«This is a good point and that’s where the smart beta story has come in,» Pigott added. «Although smart beta is still mostly equity-focused, we are beginning to see some developments in the fixed income space away from cap-weighted products.»

Although limited, recent trading history may provide some insights about the health of fixed income ETFs: 80 percent of fixed income ETF trading occurs on the secondary market, according to Vanguard, which recently saw trading volumes triple in the asset class. This means that just one-fifth of trades faced liquidity problems and had to be unwounded to trade the individual underlying bonds.

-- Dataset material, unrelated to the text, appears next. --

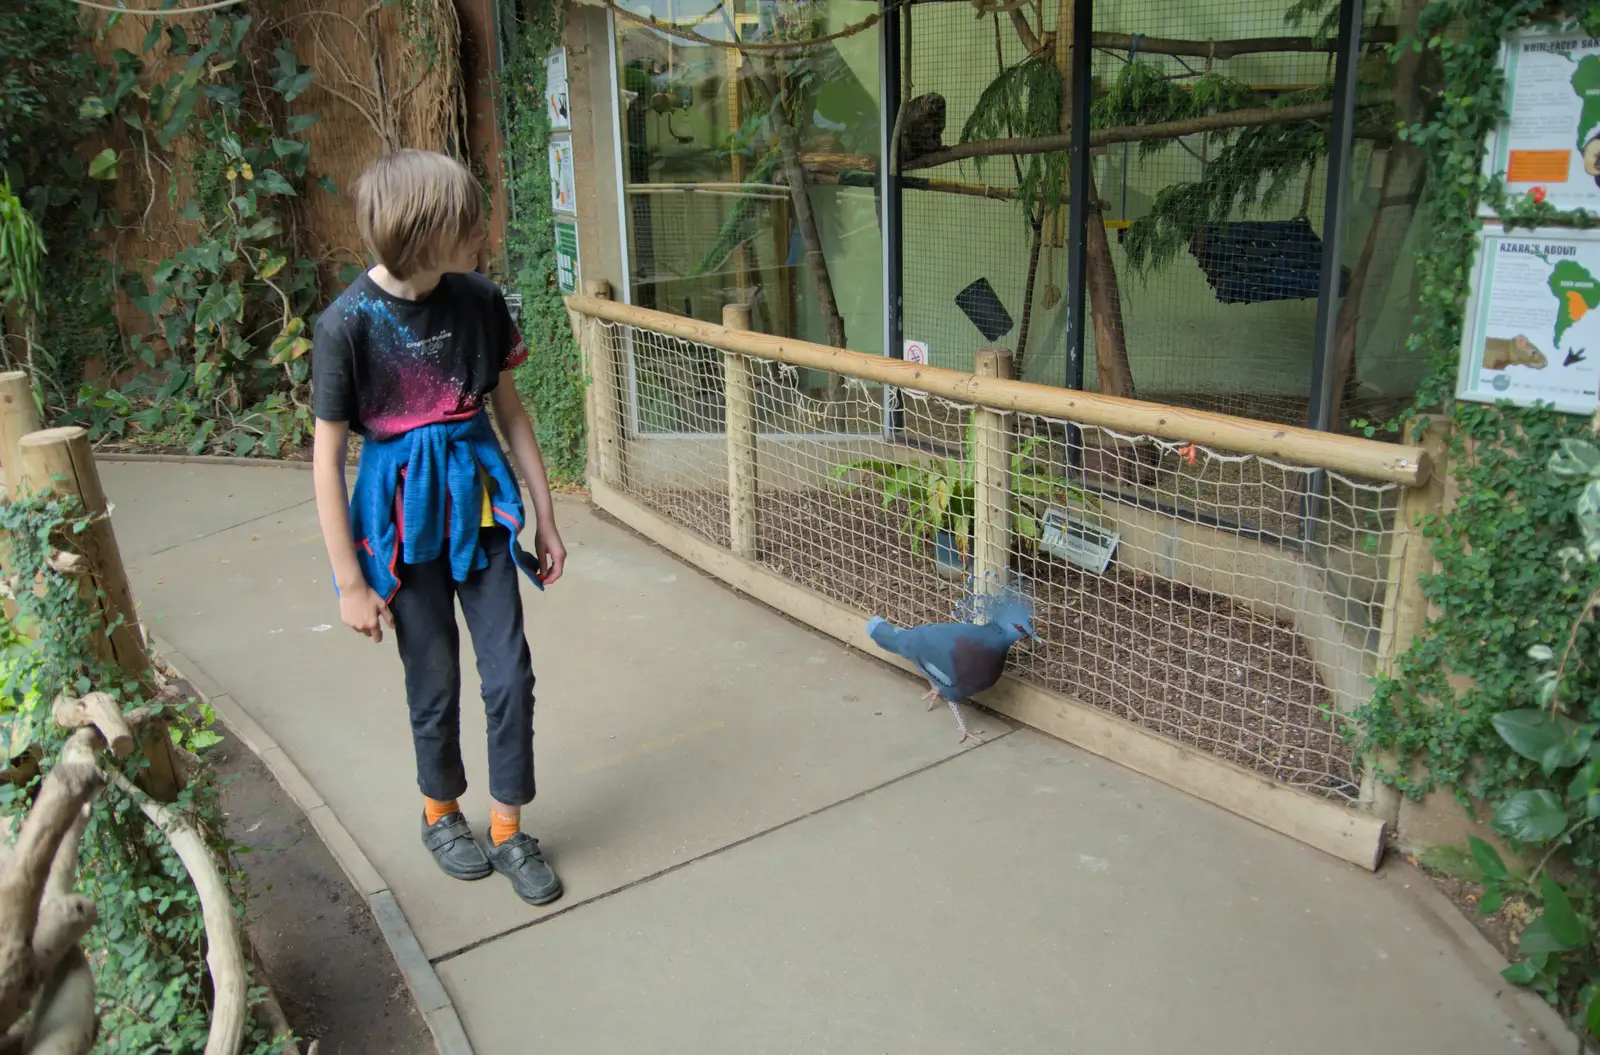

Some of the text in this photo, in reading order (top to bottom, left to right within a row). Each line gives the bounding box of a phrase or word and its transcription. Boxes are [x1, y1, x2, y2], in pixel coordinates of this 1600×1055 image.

[1523, 40, 1578, 52] WHITE-FACED
[1500, 243, 1577, 256] AZARA'S AGOUTI

Next ETF Universe to Conquer?

With smart beta and fixed income ETFs being increasingly established as a mainstay tool for portfolio managers, the industry is looking to other new areas that are ripe for adoption. Actively managed ETFs – a hybrid between active and passive investments – is one such area that has been gaining momentum globally and while still nascent in Asia, adoption is expected to accelerate. According to global ETF survey published by BBH, 63 percent of Greater China respondents expected to increase their holdings of active ETFs. 

«At the moment, we have not seen a huge demand for actively managed ETFs from our PB clients in Asia, and we believe the market still needs some time to learn about this type of products,» said Linda Luk, Vanguard’s Hong Kong head of distribution, who highlighted the wealth segment last week as a major ETF growth driver in Asia via discretionary mandates.

«Nonetheless, we are quite positive about the development of the active ETF market in the next couple of years.» 

Closer to widespread adoption is ETFs that invest in indices based on rules that account for non-financial factors including environmental, social and governance-related issues, or ESG. This has been particularly accelerated by investor confidence in related technological advancements such as renewable energy, development of smart cities and social inclusion via fintech.